WALDO stands for “Where are All the (proglacial) Lake seDiments in the NOrth Sea Basin?”
Proglacial lakes have an enormous influence on glacier/ice margin stability, global sea level and climate; this is true for the past, the present and, more than ever, the near future. Such lakes form in front of glaciers or ice margins, where meltwater ponds in between the ice and a dam.
Commonly, such dams consist of bedrock or glacial sediment deposited by the ice when it reached its maximum extent. When these dams are broken or overtopped, glacial lake outburst floods (GLOFs) occur, leading to catastrophic drainage events that not only dramatically alter the landscape, but can also influence local and regional oceanography and climate.
Proglacial lakes are believed to have existed in the southern North Sea when ice extended southwards during the last three glaciations – the Elster (c. 500k-300k years ago), Saale (c. 300k-130k years ago) and Weichsel (c. 115k-11.7k years ago). The ice sheets isostatically depressed the underlying crust, resulting in vast amounts of meltwater ponding in front of the ice as one or several proglacial lakes.
During those periods, many of the northwest European rivers also drained into the southern North Sea, adding more freshwater to the system. During the Elsterian, a chalk bedrock ridge formed a dam at the Dover Strait, holding freshwater to the north of it. A major GLOF, some time between 450k and 200k years ago, breached the ridge and opened the Strait. It carved an erosional megaflood landscape which is still visible on the seabed.
With the exception of the erosional features in the English Channel, which have been linked to GLOFs, direct evidence of proglacial lakes in the southern North Sea remains controversial. Yet, the existence of large proglacial lakes during the three last glaciations is generally supported by the research community. Such extensive lakes would be expected to have left behind a stratigraphic record of proglacial lake sediments, traceable over long distances on seismic data and in cores. However, the current sedimentary and seismic records do not provide sufficient evidence to support the presence of proglacial lakes, extensive enough to explain the erosional landforms detected in the Dover Strait and English Channel.

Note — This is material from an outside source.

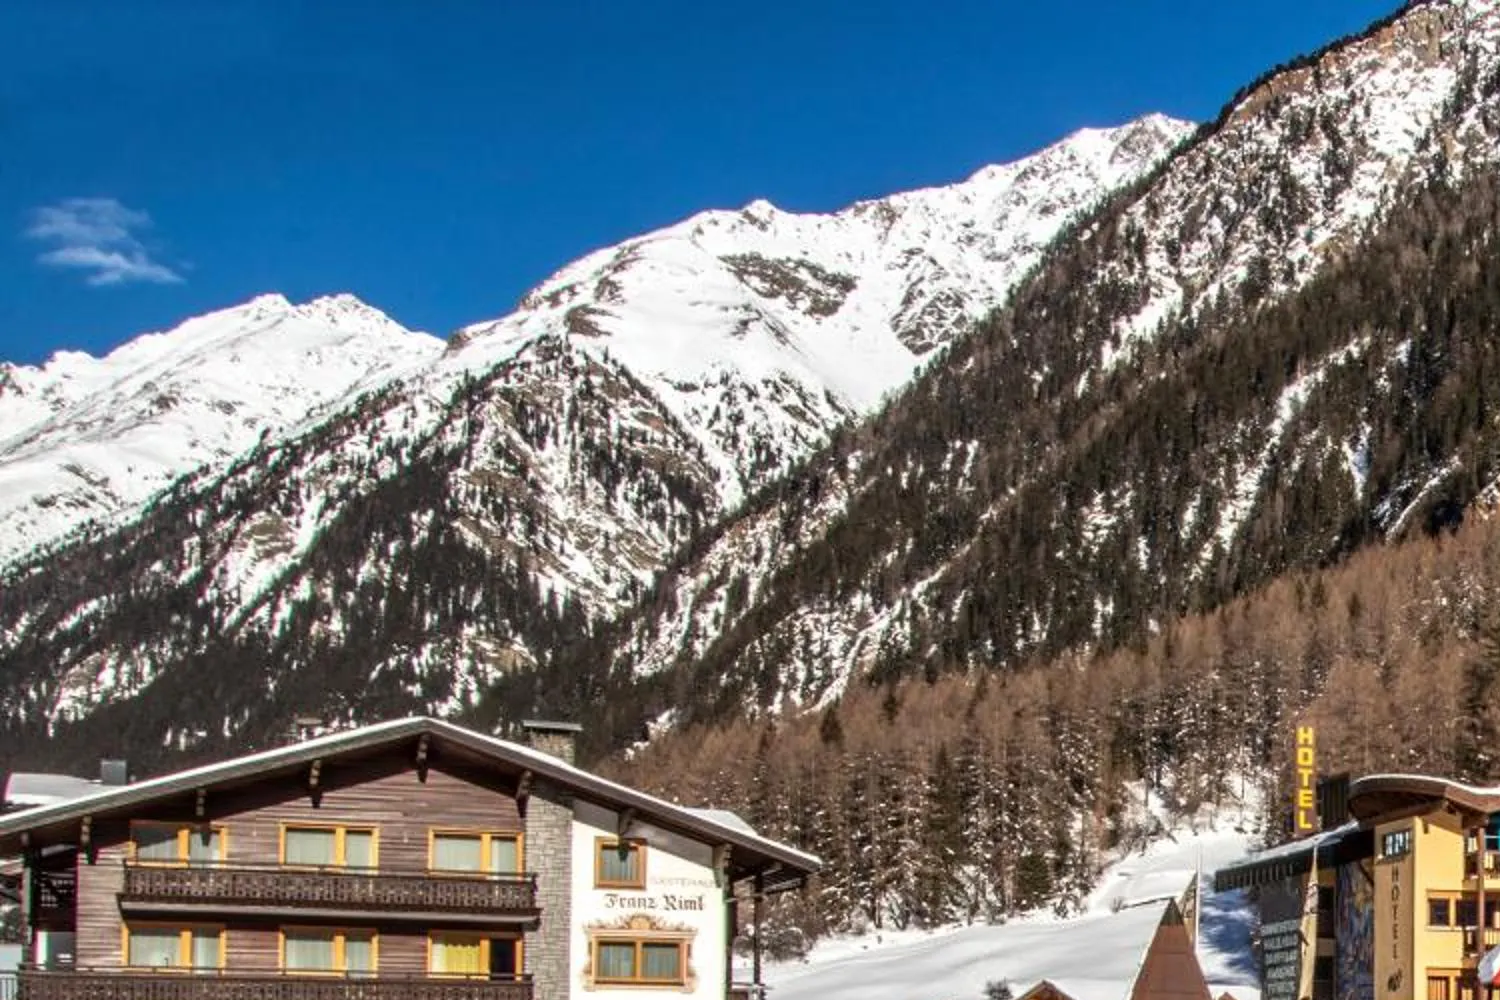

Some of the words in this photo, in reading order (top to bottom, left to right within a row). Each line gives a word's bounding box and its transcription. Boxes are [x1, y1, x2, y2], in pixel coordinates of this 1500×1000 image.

[1297, 726, 1314, 829] HOTEL
[604, 893, 658, 909] Franz
[1391, 864, 1401, 961] HOTEL

With this project, we aim to address this dichotomy, by taking a regional geological approach. Through the use of existing and newly-acquired high-resolution geophysical and core data, we will test the hypothesis that proglacial lakes were important landscape features in the southern North Sea during the last three ice ages. This will include updating the seismo- and lithostratigraphic framework of the southern North Sea, and creating detailed palaeo-environmental reconstructions. The results will be used to assess where exactly these potential lakes were located, what their extent was and during which periods they existed.
Finally, proglacial lakes can be relatively long-lived and can remain after climate amelioration.
If this was the case in the North Sea, these lakes and their drainage systems could have influenced animal and human migration across the exposed North Sea plain during the Palaeolithic.
In the same way that GLOFs are a present-day hazard to communities living near glaciers, they would also have had an enormous (perhaps) devastating impact on the environment (faunal, floral), and potentially human populations living on the North Sea Plain in the past.